Regulation of the Nuclear PKA Holoenzyme

cAMP and PKA activity is regulated in time and space to ensure proper cellular responses. Recently a novel pool of activatable PKA holoenzyme was discovered to reside in the nucleus, expanding the traditional model of PKA signaling. Live‐cell imaging suggested that the regulation of the nuclear PKA holoenzyme is dependent on A‐Kinase Anchoring Proteins (AKAPs) and phosphordiesterases (PDEs). Specifically, we hypothesized that PDEs anchored to AKAPs create a local microdomain with a lower concentration of cAMP, thus controling the activation of anchored nuclear PKA. Co‐IP experiments using nuclear extracts revealed that both the RIIα subunit of the PKA holoenzyme, and PDE4D isoforms interact with AKAP95, supporting this hypothesis and providing specific candidates to further explore this regulation.
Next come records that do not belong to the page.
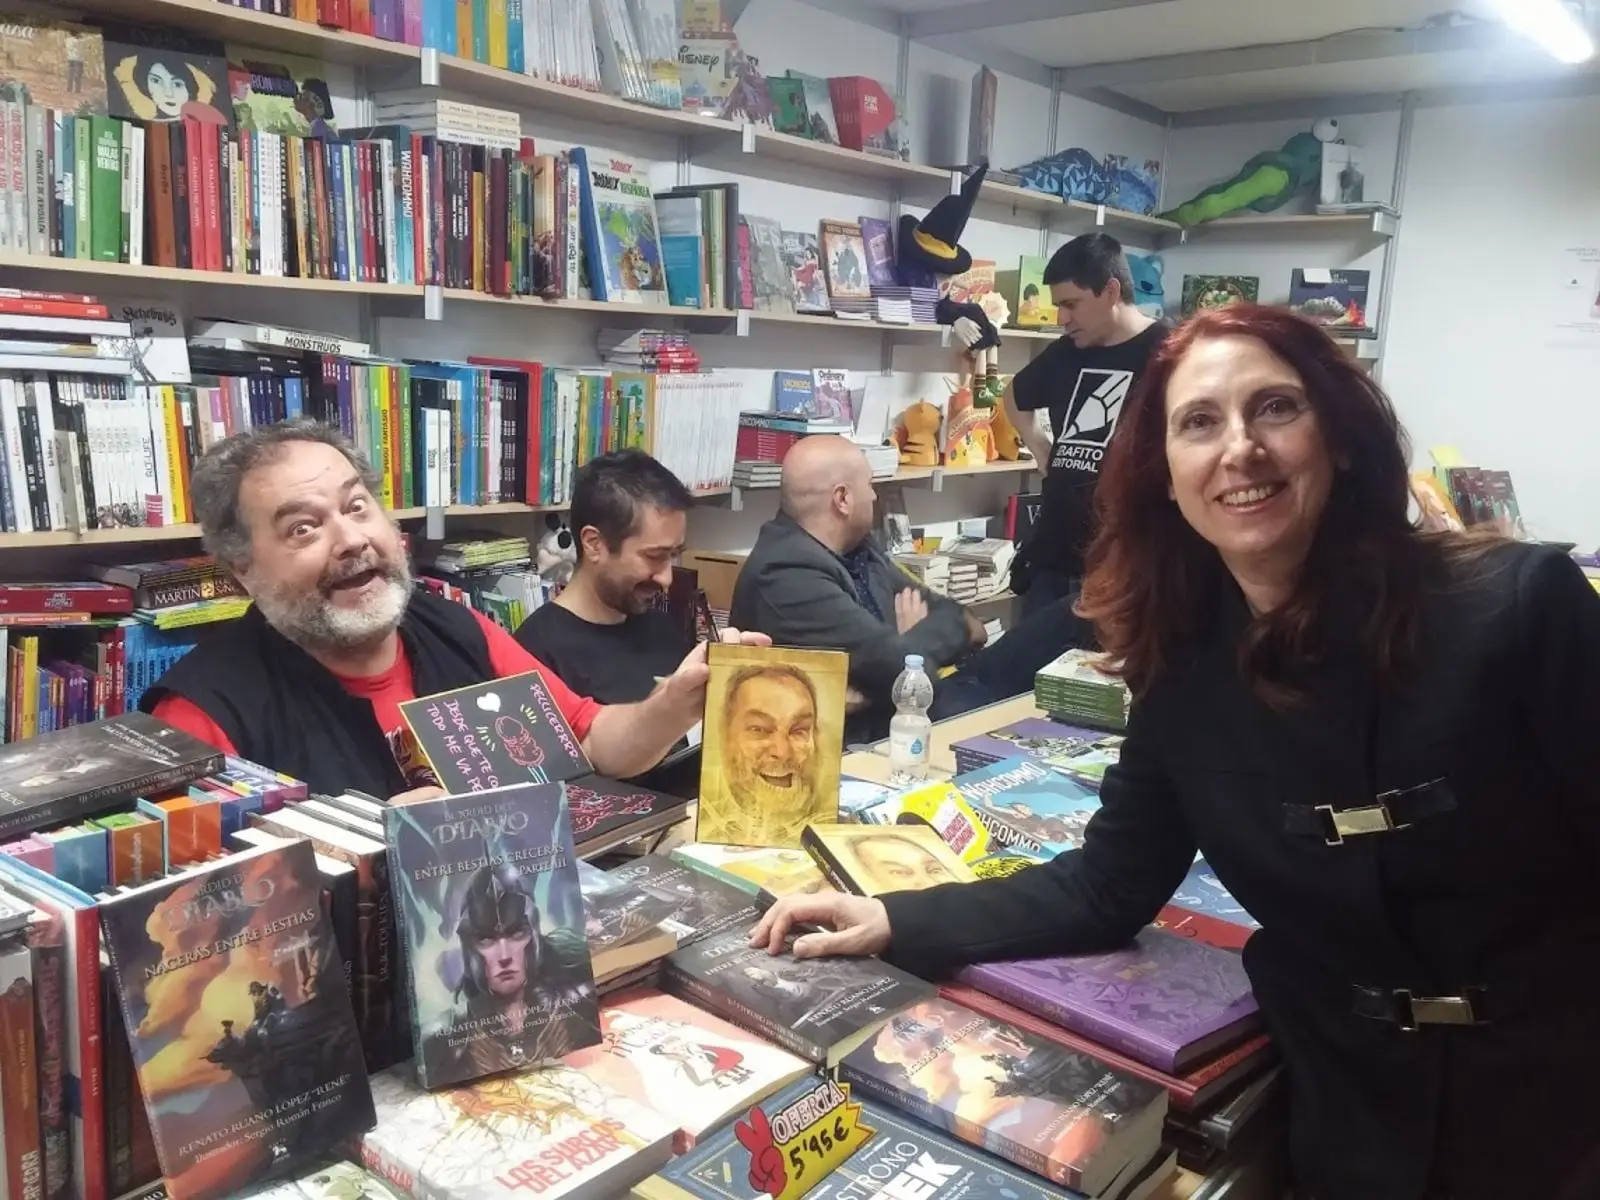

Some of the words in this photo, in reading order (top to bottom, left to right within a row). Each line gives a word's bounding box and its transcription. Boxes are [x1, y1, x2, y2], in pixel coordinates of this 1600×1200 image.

[285, 336, 342, 354] MONSTRUOS
[154, 587, 201, 607] MARTIN
[426, 703, 446, 731] TODO
[443, 735, 460, 755] ME
[456, 758, 472, 776] VA
[443, 699, 468, 733] DESDE
[463, 733, 482, 759] QUE
[478, 757, 492, 773] TE
[414, 861, 454, 881] ENTRE
[214, 928, 260, 955] ENTRE
[263, 908, 316, 935] BESTIAS
[179, 1127, 229, 1158] RENATO
[231, 1105, 274, 1134] RUANO
[771, 1079, 846, 1144] OFERTA
[494, 1158, 542, 1190] LOS
[540, 1115, 627, 1168] SURCOS
[519, 1165, 572, 1195] DEL
[564, 1137, 627, 1170] AZAR
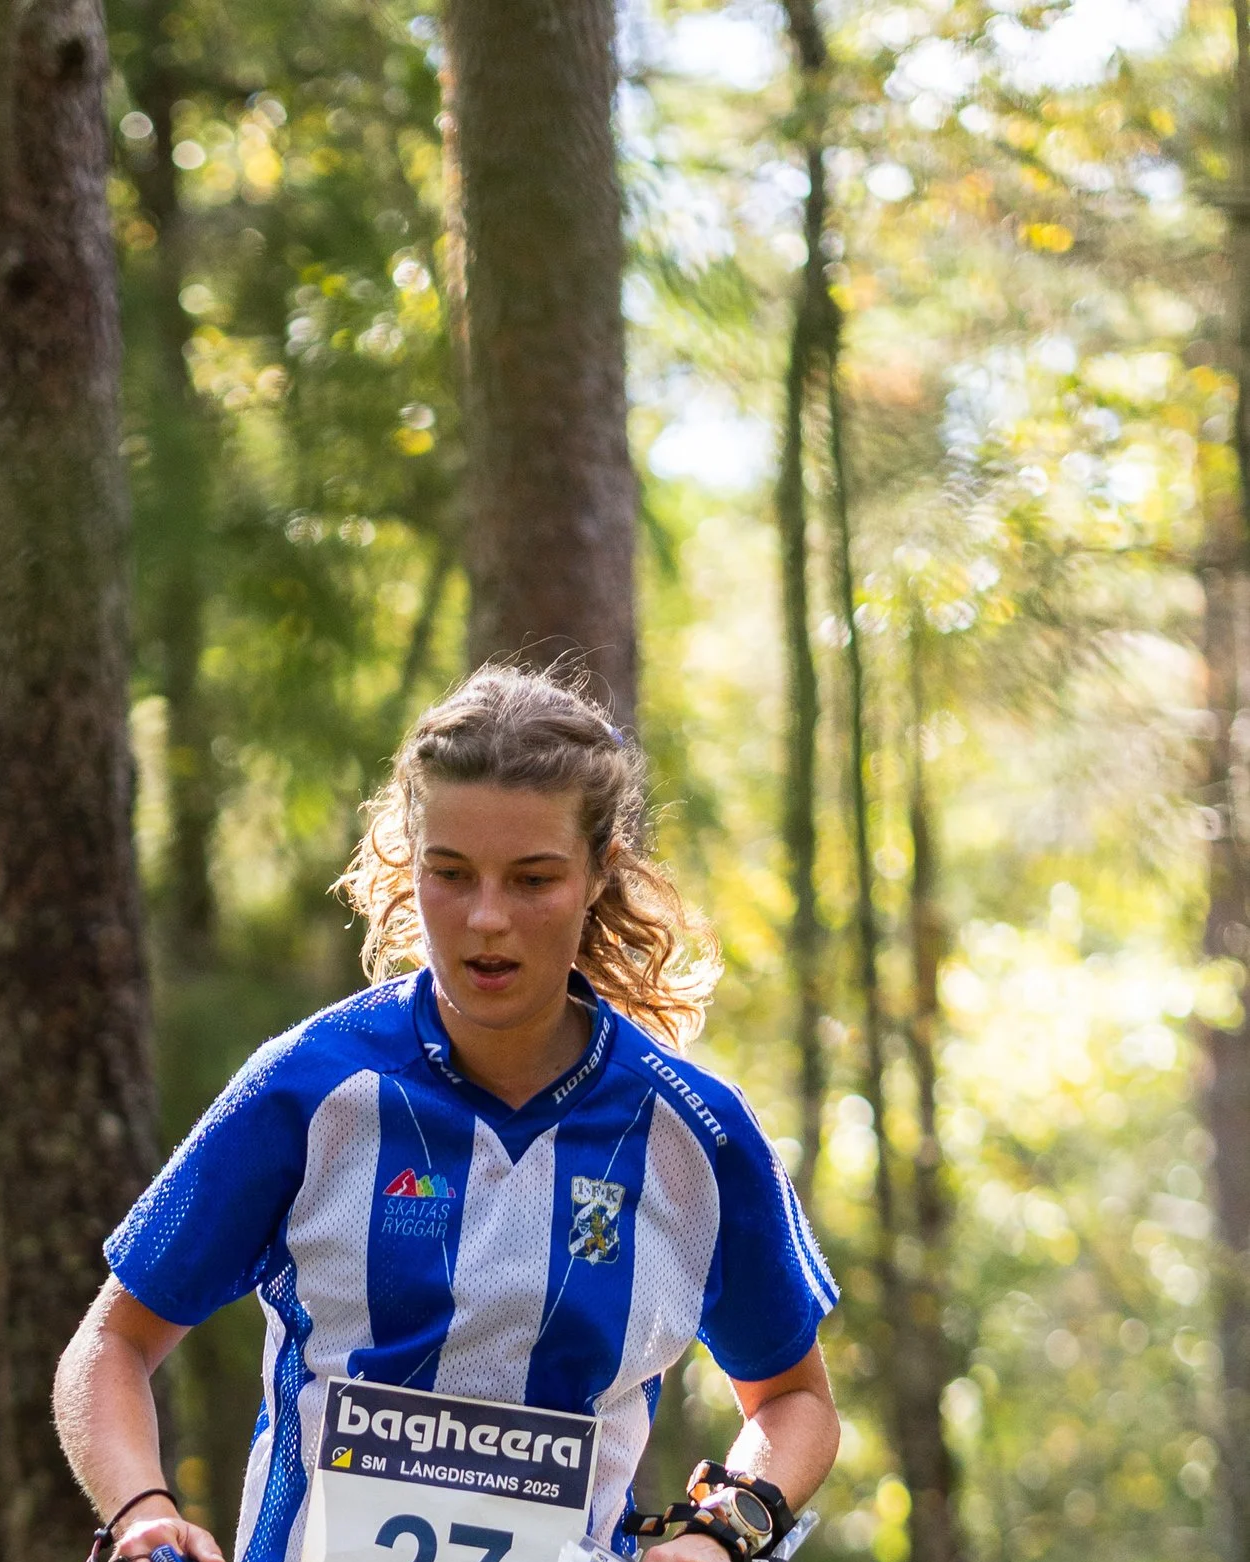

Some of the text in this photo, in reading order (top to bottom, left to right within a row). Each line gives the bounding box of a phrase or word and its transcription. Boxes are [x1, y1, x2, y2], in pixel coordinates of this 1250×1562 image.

[553, 1016, 611, 1105] noname
[641, 1052, 727, 1147] noname
[381, 1216, 448, 1239] RYGGAR
[336, 1395, 582, 1469] bagheera
[361, 1454, 560, 1498] SM LÅNGDISTANS 2025
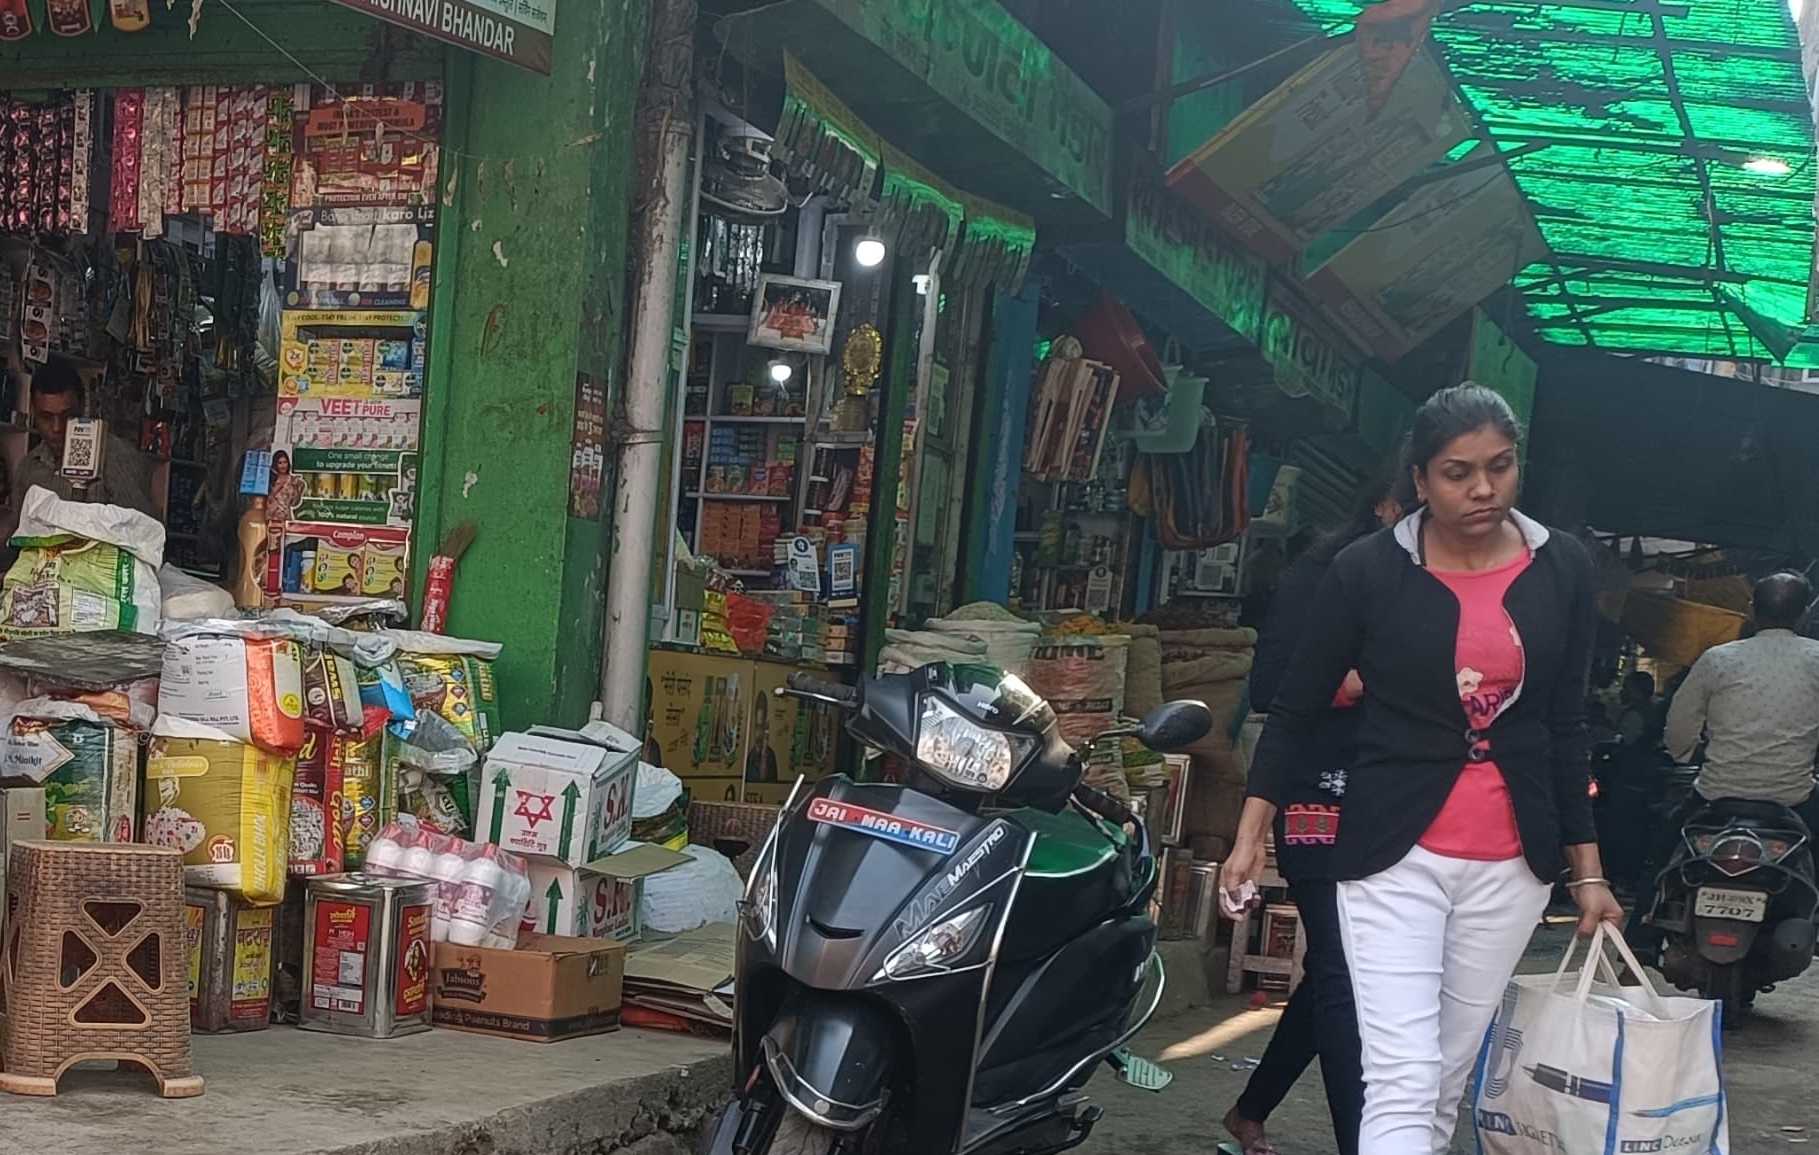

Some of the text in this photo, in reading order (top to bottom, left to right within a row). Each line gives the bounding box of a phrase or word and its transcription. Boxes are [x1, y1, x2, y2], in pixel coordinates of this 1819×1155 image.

[442, 1, 515, 56] BHANDAR
[382, 208, 414, 220] karo
[322, 399, 391, 415] VEET PURE
[328, 452, 342, 460] One
[344, 451, 362, 460] small
[323, 461, 356, 470] upgrade
[333, 530, 365, 541] Complan
[814, 804, 954, 850] JAI MAA KALI
[946, 826, 1005, 887] MAESTRO
[445, 972, 480, 986] Jabsons
[465, 1014, 530, 1031] Peanuts Brand
[1623, 1140, 1660, 1151] LINC
Our ICUE3 cAMP biosensor was localized to AKAP95 to measure the levels of cAMP directly around AKAP95 in response to differently localized sources of cAMP. We are able to generate cAMP in different cellular compartments using targeted soluble adenylyl cyclase (sAC) and activating it in a dose‐dependent manner with sodium bicarbonate. When a low concentration of cAMP is generated, only cAMP produced in the nucleus can be detected in the vicinity AKAP95, whereas cAMP produced at the plasma membrane was not detected within this microdomain. Conversely, the AKAP95 microdomain was able to sense a large cAMP signal regardless of whether it was produced at the plasma membrane or in the nucleus. These results support the hypothesis that AKAP95 and PDE4Ds create a microdomain that prevents the activation of scaffolded nuclear PKA holoenzyme except by local cAMP signals.